If your goal is less distraction, less checking, less attention drain, you do not need a $400 device that runs a stripped-down Linux. You need to change the home screen on the phone you already own. A minimalist launcher delivers 80–90% of the dumbphone benefit at 0% of the cost.
What dumbphones get right
- No app store, no infinite installs. You cannot download TikTok in a moment of weakness.
- Tiny monochrome screens. Visual noise is eliminated by the hardware itself.
- Physical keyboards. Every action is deliberate; no accidental taps.
- Status signaling. Pulling out a Light Phone in public is, frankly, a vibe.
What dumbphones fail at
- Navigation. No Google Maps. Getting around an unfamiliar city is harder than it needs to be.
- Two-factor authentication. A lot of modern life assumes an authenticator app.
- Banking. Many banks have quietly deprecated web portals in favor of apps.
- Photos. You will miss moments you would have captured.

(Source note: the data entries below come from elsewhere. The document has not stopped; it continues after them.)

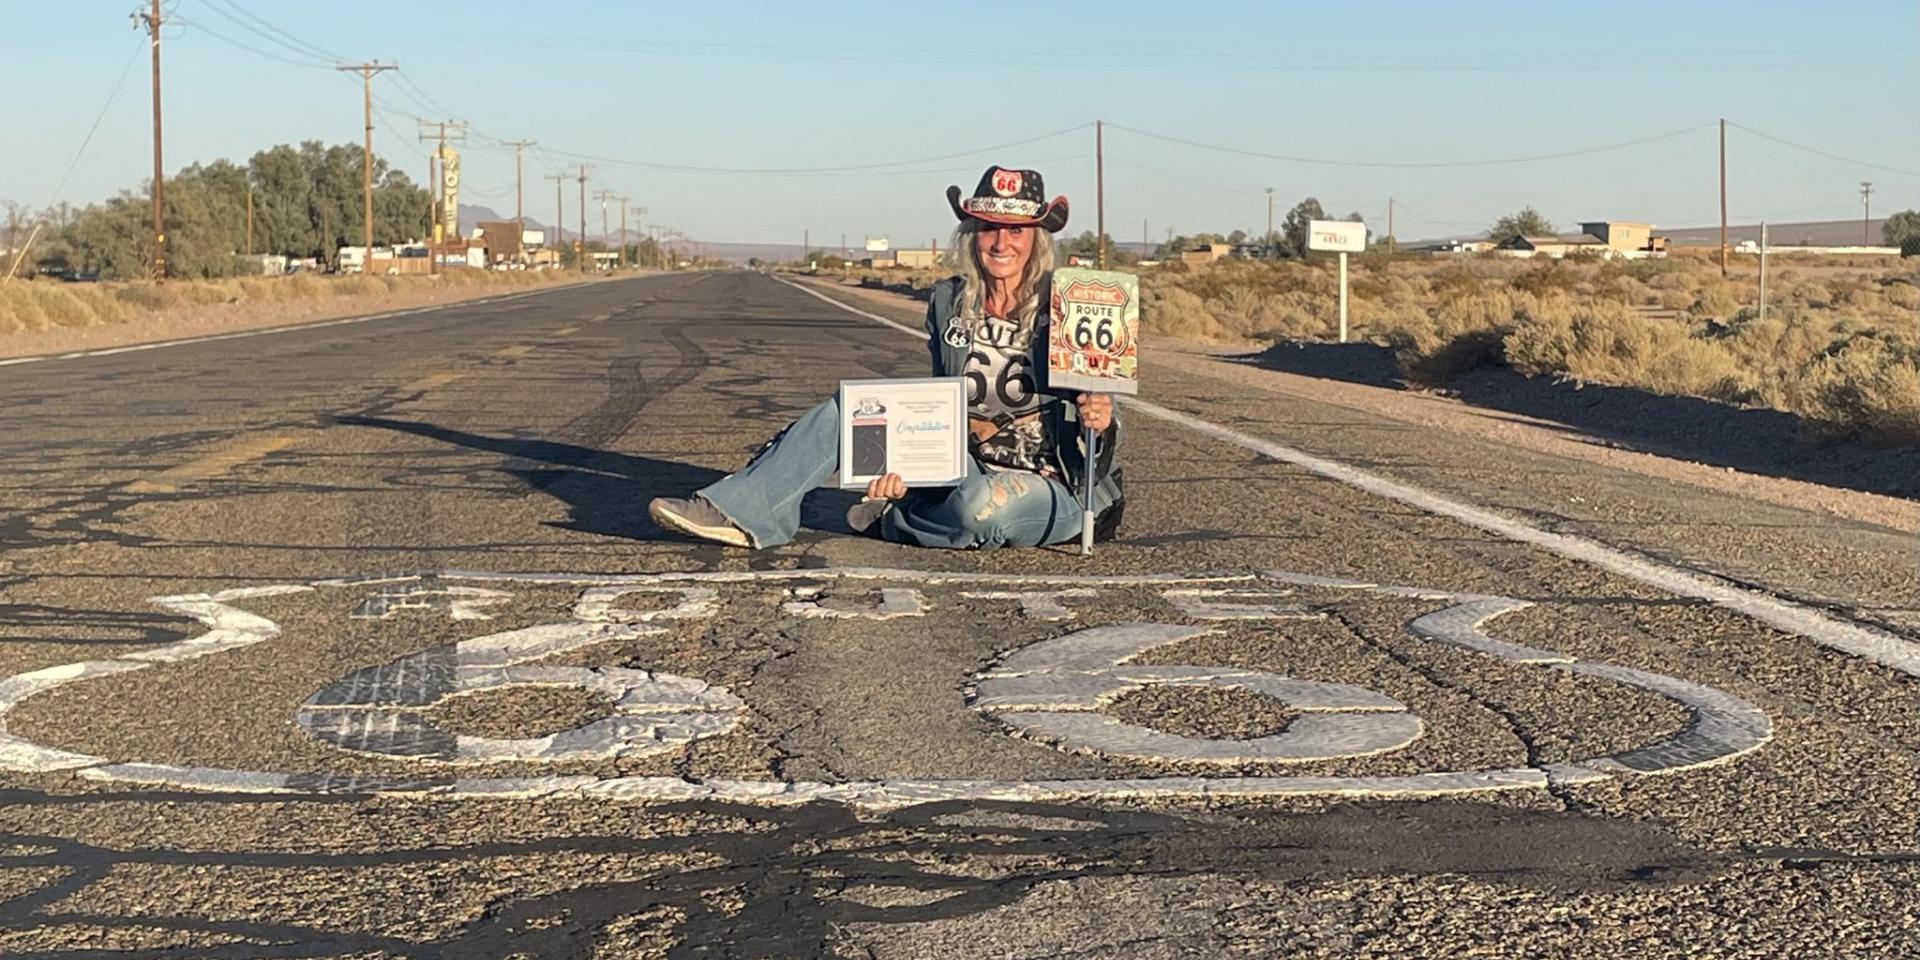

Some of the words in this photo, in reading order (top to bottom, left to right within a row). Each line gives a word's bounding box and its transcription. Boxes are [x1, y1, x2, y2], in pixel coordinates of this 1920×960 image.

[996, 178, 1016, 192] 66
[1072, 288, 1118, 303] HISTORIC
[1076, 305, 1113, 316] ROUTE
[951, 333, 967, 345] 66
[1075, 316, 1113, 350] 66
[963, 351, 1036, 408] 66
[350, 585, 1323, 621] ROUTE
[302, 621, 1424, 764] 66

- Rideshare, food delivery, ticket scanning. All require a smartphone in most of the world.
- Cost. $300–$800 for a device that does 10% of what your existing phone does.

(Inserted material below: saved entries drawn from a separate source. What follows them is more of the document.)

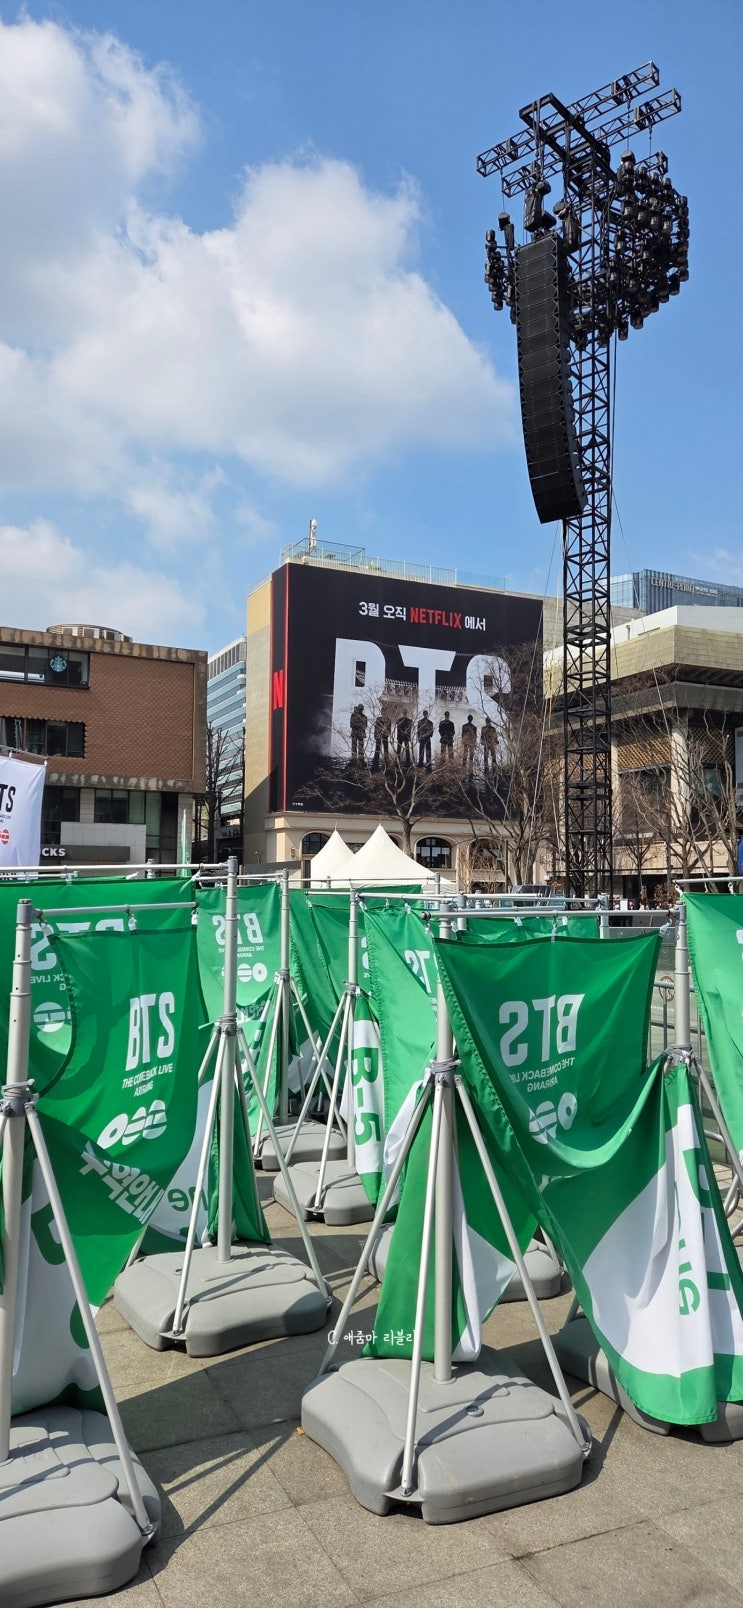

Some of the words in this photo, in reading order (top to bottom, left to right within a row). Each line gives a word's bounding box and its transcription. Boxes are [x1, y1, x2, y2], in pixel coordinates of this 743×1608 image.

[358, 601, 380, 618] 3월
[383, 603, 407, 622] 오직
[410, 606, 462, 630] NETFLIX
[464, 615, 486, 632] 에서
[273, 669, 284, 710] N
[330, 637, 512, 766] BTS
[124, 991, 175, 1072] BTS
[121, 1076, 134, 1089] THE
[157, 1062, 174, 1075] LIVE
[351, 1047, 382, 1146] B-5

Most people who buy a dumbphone end up carrying it alongside their smartphone within a month — which is the worst possible outcome: double the devices, double the charging, and the smartphone is still there, still being used compulsively.

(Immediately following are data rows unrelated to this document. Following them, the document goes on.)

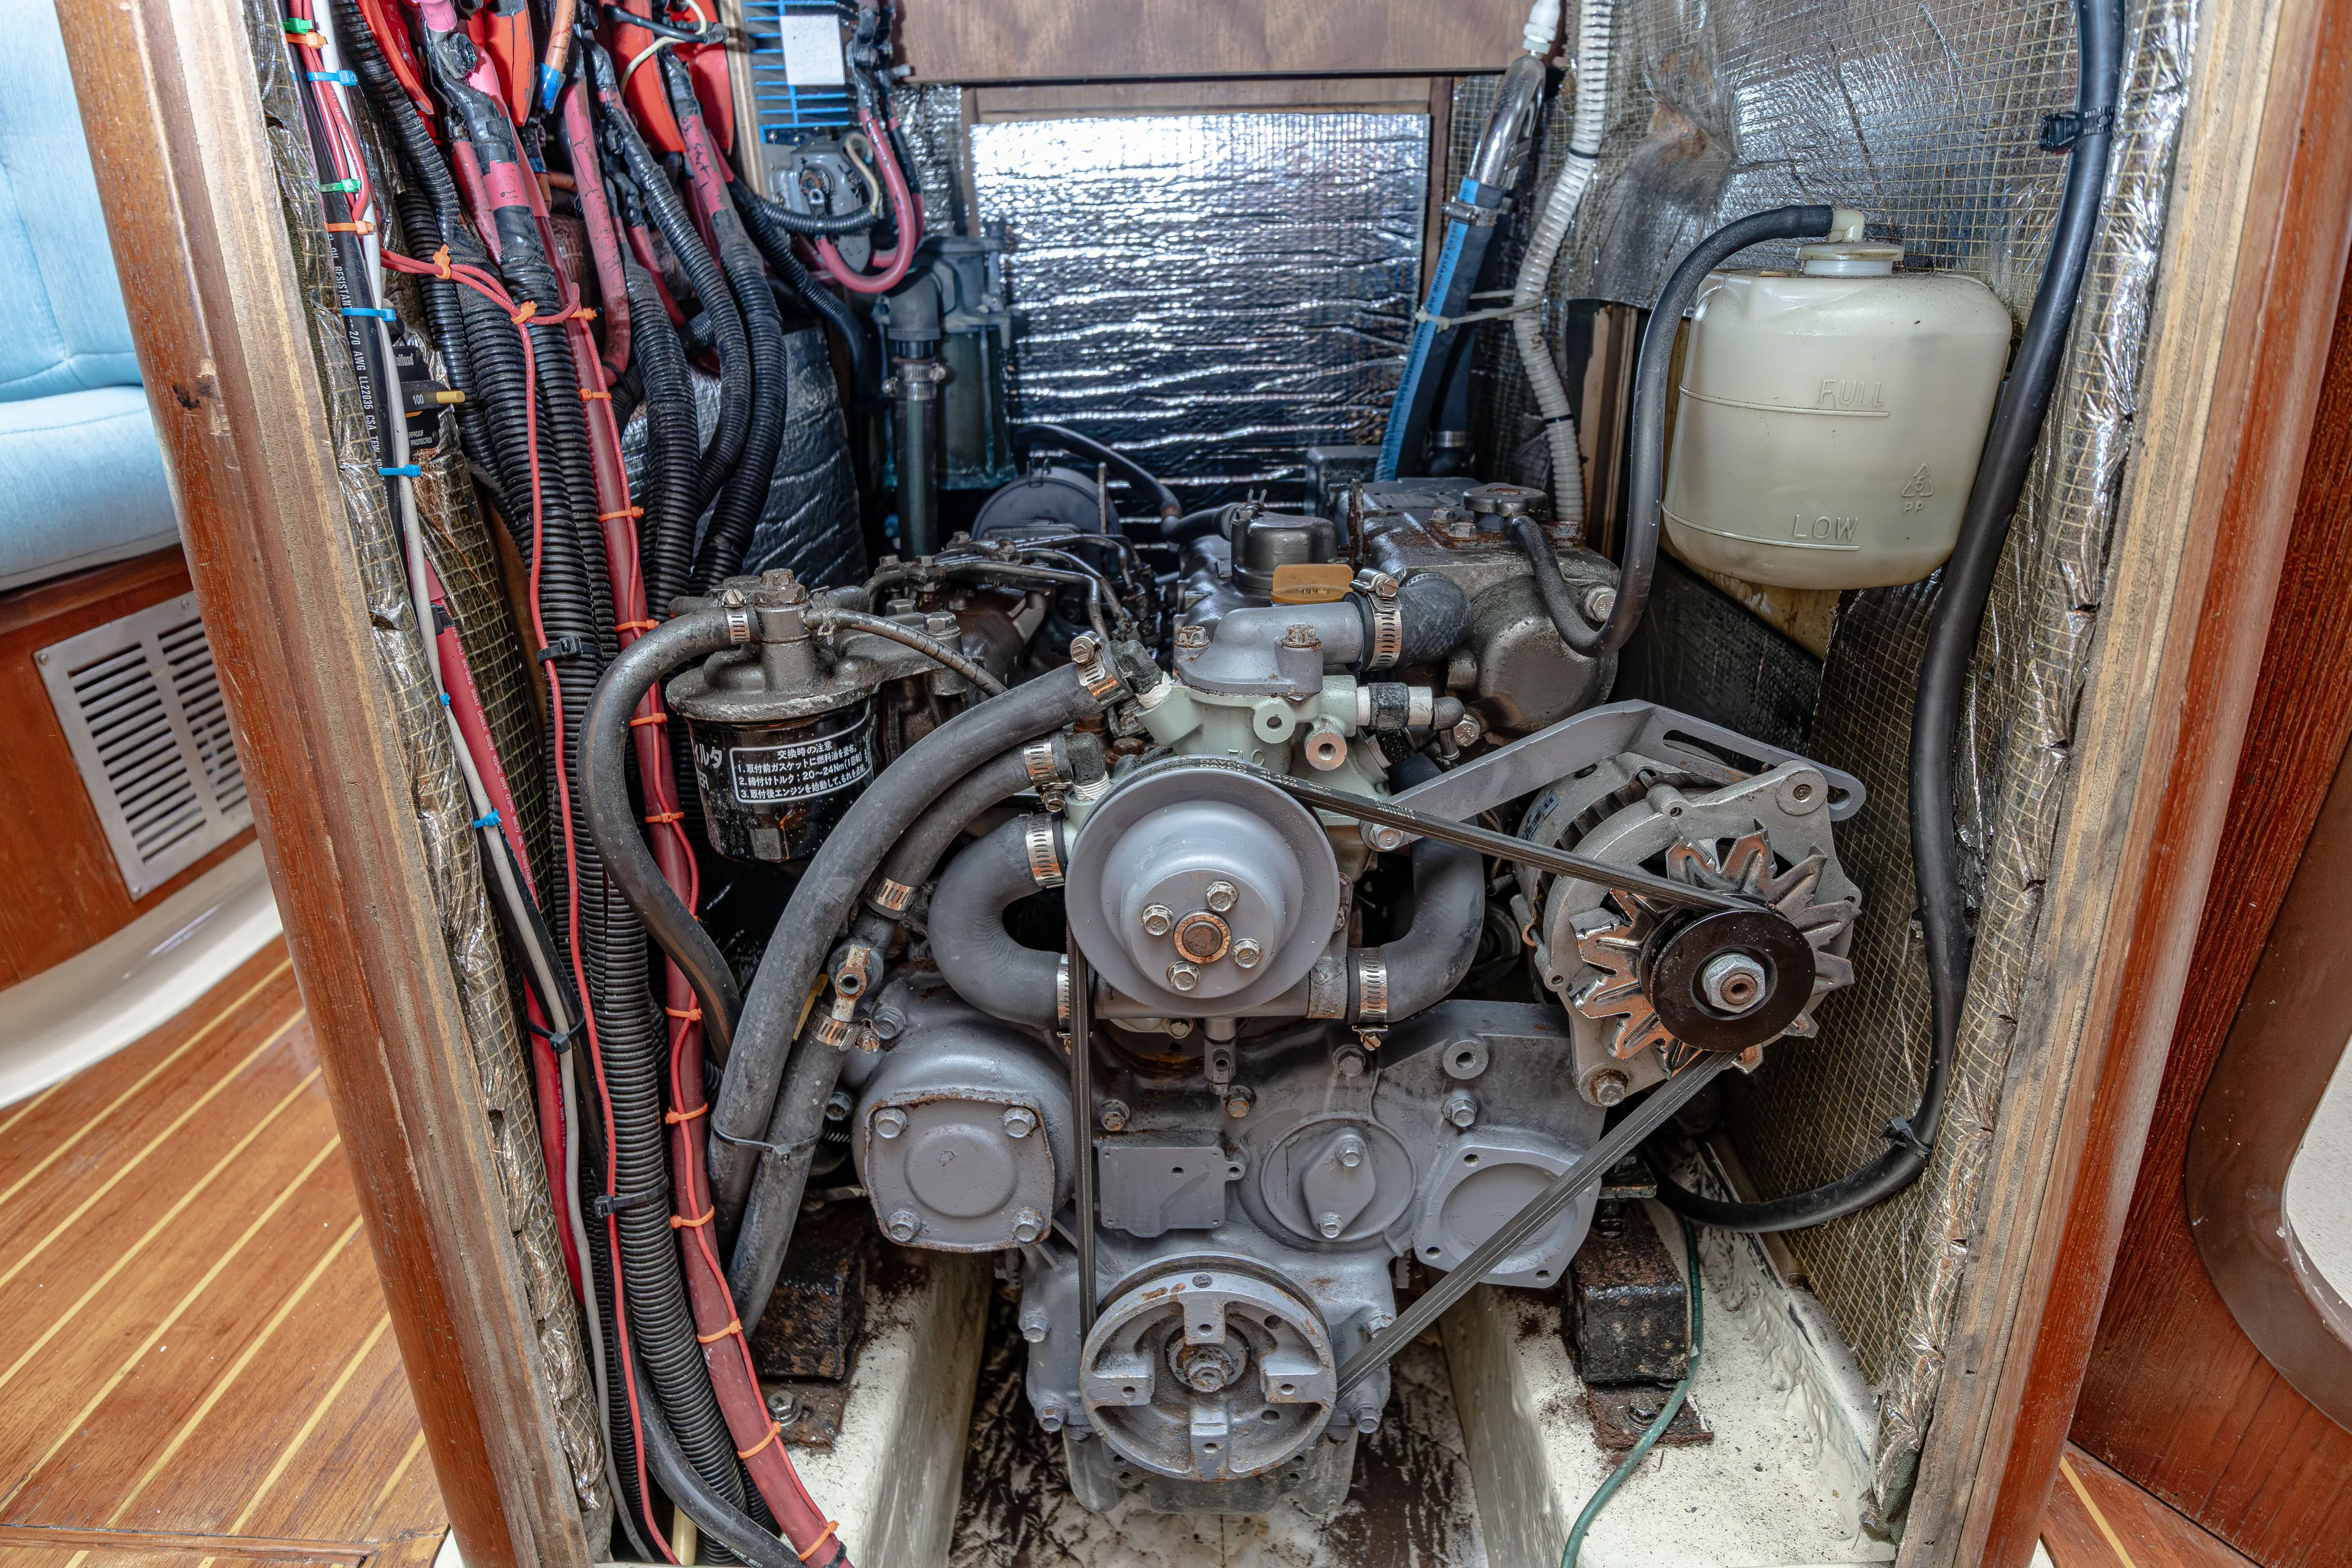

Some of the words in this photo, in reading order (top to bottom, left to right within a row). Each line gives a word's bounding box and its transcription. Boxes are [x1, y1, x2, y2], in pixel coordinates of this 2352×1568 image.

[334, 266, 352, 308] RESISTAN
[349, 330, 361, 345] 2/0
[353, 350, 366, 371] AWG
[412, 394, 424, 405] 100
[1817, 379, 1885, 407] FULL
[365, 415, 376, 431] CSA
[410, 437, 432, 447] PROTECTED
[1902, 500, 1926, 515] PP
[1792, 513, 1859, 541] LOW
[777, 741, 832, 760] 交換時の注意
[470, 688, 480, 707] BOAT
[477, 710, 488, 732] CABLE
[485, 734, 494, 751] 600V
[499, 775, 508, 791] DRY
[521, 849, 533, 886] RESISTANT

What a minimalist launcher gets right
A minimalist launcher is a dumbphone in software. Free. Reversible. Compatible with everything modern life assumes.
- The home screen becomes silent. No icons, no widgets, no news feed.
- Apps become searchable-only. Reflex launching is broken at the default level.
- Notifications are up to you. Apps still exist; they just stop shouting.
- Cost: $0. Install in ten seconds, uninstall in three.
- Reversible. If you hate it after a week, you are back to stock.
The honest trade-off
A dumbphone gives you a clean break — a hard wall between you and infinite scrolling. Some people genuinely need that wall. If you have tried minimalist launchers and still find yourself pulled into Instagram, a dumbphone as your only device may be the right answer.
For everyone else — roughly 95% of people considering a dumbphone — a minimalist launcher is enough. It produces the same measurable reduction in unlocks and screen time, without sacrificing Maps, banking, or the camera you bought your phone for in the first place.
Try it for two weeks before spending $400. The worst case is that you learn you actually do want the dumbphone; the best case is that you save $400 and get what you needed anyway.